TASK TO COMPLETE
Since pictures are not wanted in the copy, output only the rest of each record exactly.

Recorded data
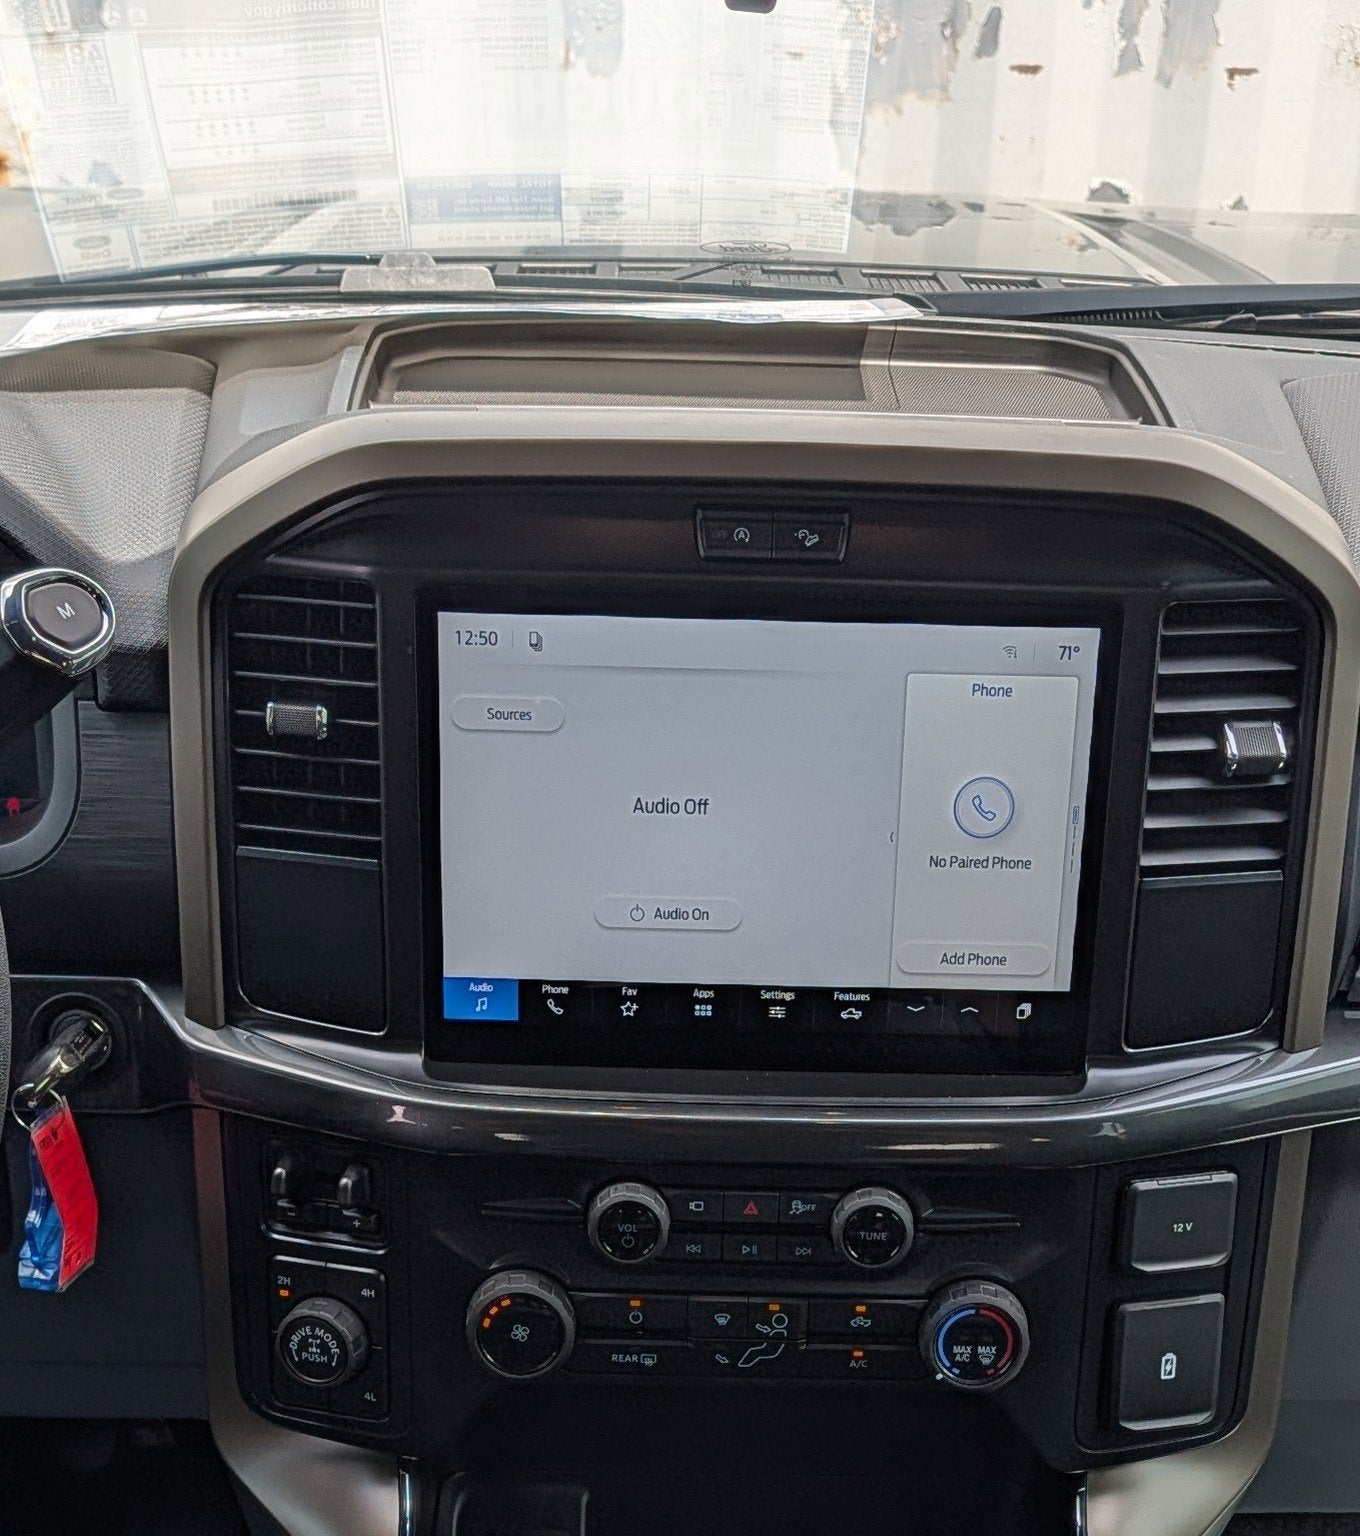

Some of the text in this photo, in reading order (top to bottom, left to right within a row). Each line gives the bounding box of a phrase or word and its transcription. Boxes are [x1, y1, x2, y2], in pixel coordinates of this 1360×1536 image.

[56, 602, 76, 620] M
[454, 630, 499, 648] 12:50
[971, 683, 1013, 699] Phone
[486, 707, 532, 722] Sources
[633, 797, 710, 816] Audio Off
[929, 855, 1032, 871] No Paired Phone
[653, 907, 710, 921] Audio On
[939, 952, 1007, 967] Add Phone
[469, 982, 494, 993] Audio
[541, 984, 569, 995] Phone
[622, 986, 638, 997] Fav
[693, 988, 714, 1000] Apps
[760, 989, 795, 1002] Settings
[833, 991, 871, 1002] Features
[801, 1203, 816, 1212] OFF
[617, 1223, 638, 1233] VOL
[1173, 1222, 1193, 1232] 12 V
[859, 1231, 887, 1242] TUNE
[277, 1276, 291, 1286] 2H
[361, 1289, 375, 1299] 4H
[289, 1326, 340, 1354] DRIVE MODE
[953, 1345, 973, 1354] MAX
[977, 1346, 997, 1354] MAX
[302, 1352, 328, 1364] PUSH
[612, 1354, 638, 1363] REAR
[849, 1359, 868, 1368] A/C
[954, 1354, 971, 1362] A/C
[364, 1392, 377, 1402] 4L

TASK ANSWER
Some of the text in this photo, in reading order (top to bottom, left to right within a row). Each line gives the bounding box of a phrase or word and its transcription. Boxes are [x1, y1, x2, y2], in pixel coordinates of this 1360×1536 image.

[56, 602, 76, 620] M
[454, 630, 499, 648] 12:50
[971, 683, 1013, 699] Phone
[486, 707, 532, 722] Sources
[633, 797, 710, 816] Audio Off
[929, 855, 1032, 871] No Paired Phone
[653, 907, 710, 921] Audio On
[939, 952, 1007, 967] Add Phone
[469, 982, 494, 993] Audio
[541, 984, 569, 995] Phone
[622, 986, 638, 997] Fav
[693, 988, 714, 1000] Apps
[760, 989, 795, 1002] Settings
[833, 991, 871, 1002] Features
[801, 1203, 816, 1212] OFF
[617, 1223, 638, 1233] VOL
[1173, 1222, 1193, 1232] 12 V
[859, 1231, 887, 1242] TUNE
[277, 1276, 291, 1286] 2H
[361, 1289, 375, 1299] 4H
[289, 1326, 340, 1354] DRIVE MODE
[953, 1345, 973, 1354] MAX
[977, 1346, 997, 1354] MAX
[302, 1352, 328, 1364] PUSH
[612, 1354, 638, 1363] REAR
[849, 1359, 868, 1368] A/C
[954, 1354, 971, 1362] A/C
[364, 1392, 377, 1402] 4L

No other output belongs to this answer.